Ruby’s surgeries were successful, but she stayed in the neonatal intensive care unit for an extended period of time to monitor her progress.
Other specialists have been involved in her ongoing care, including Fernando A. Navarro, MD, a pediatric gastroenterologist with UT Physicians and associate professor in the Department of Pediatrics at McGovern Medical School, and
Joshua Samuels, MD, MPH, a pediatric nephrologist with UT Physicians and professor in the Department of Pediatrics at McGovern Medical School.
Samuels also leads Camp Shining Stars, which is a free weeklong summer camp for kids age 7-18 with chronic
kidney disease. “The camp is funded by generous donors and the Kidney Kamp Foundation to help children and adolescents attend summer camp, and have valuable, memorable experiences,” said Samuels.
Camp Shining Stars was canceled this year due to the COVID-19 pandemic, but Ruby has attended in previous years and had a great time.
Supporting spina bifida in Houston
Through Facebook friends, Laurenzo discovered a spina bifida support group in Dallas. She reached out to the Spina Bifida Association of North Texas to see if they had a chapter in Houston, but found there was not one due to a lack of volunteers.
When asked if she would like to start a support group locally, she took charge wholeheartedly to become the advisory council chair to raise awareness and hope in Houston.
“With the help of the Spina Bifida Association, I organized the first Walk-N-Roll for Spina Bifida in Houston in 2014 and put it together in a few short months,” said Laurenzo.

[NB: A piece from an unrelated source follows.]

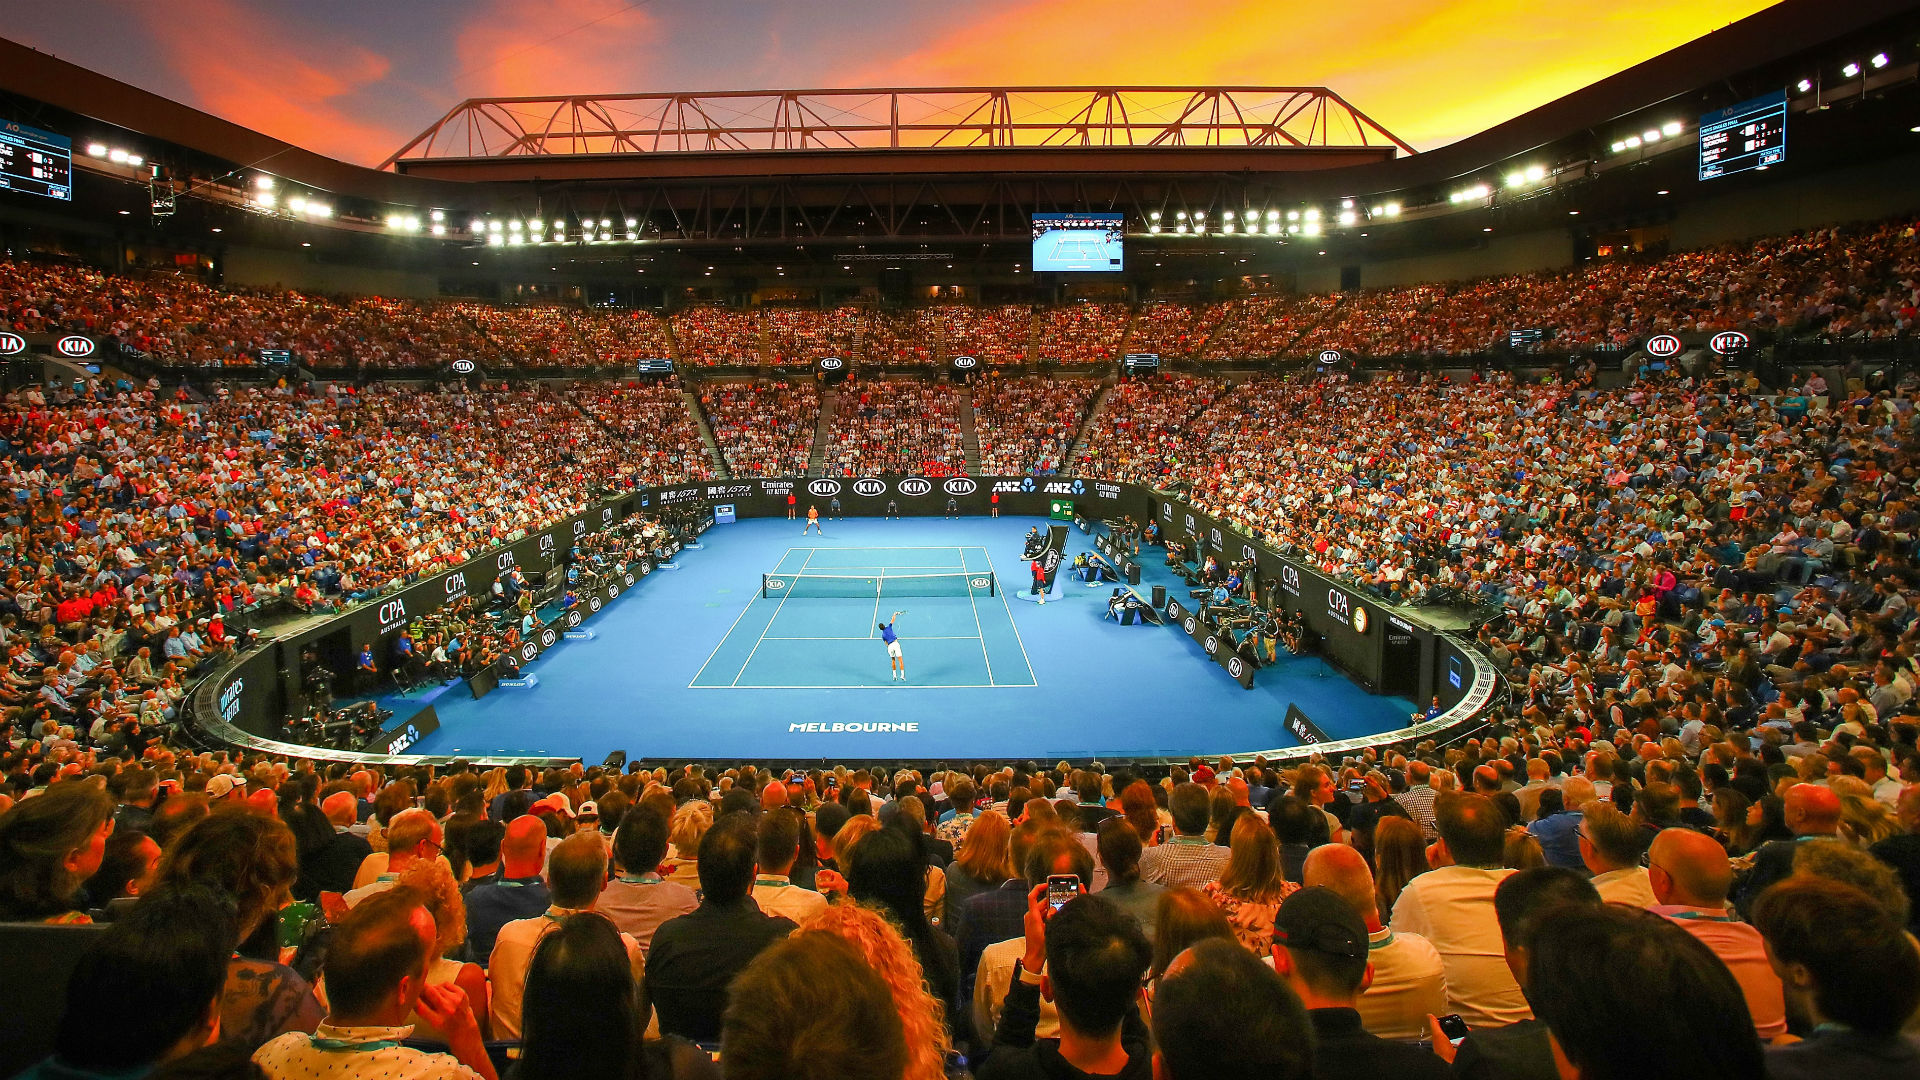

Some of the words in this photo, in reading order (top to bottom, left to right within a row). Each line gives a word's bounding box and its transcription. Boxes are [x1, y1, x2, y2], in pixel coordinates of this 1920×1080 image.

She has held a walk every year since then with increasing attendance. From her efforts, support from sponsors, and event participants, more than $41,000 for spina bifida support has been raised. Ruby enjoys attending the event each year because she gets to meet other children who are experiencing similar challenges. This year’s
Walk-N-Roll is a virtual event scheduled for Sunday, October 25.
Laurenzo’s efforts did not stop there. She went to Washington to meet with members of Congress to successfully pass legislation to increase
funding for spina bifida research. She also was able to expand protections for people diagnosed with spina bifida and change insurance coverage for equipment, such as wheelchair accessories.
Advice for others
Laurenzo has some advice for new moms who may be going through the same emotions what she went through. “You can do everything right and your baby may still have spina bifida,” said Laurenzo. “It can happen within the first 28 days of pregnancy so your baby can have it before you even know you are pregnant.”
Update on Ruby
Ruby is resilient and has many people who love and support her. She recently had an MRI done and is scheduled for spinal surgery in November to release the tethered cord. This operation involves opening the back and the spinal column in order to release the spinal cord so it can move freely. After surgery, she hopes to be home for Thanksgiving to enjoy the holidays with her family. Despite all of the challenges, her smile shines through.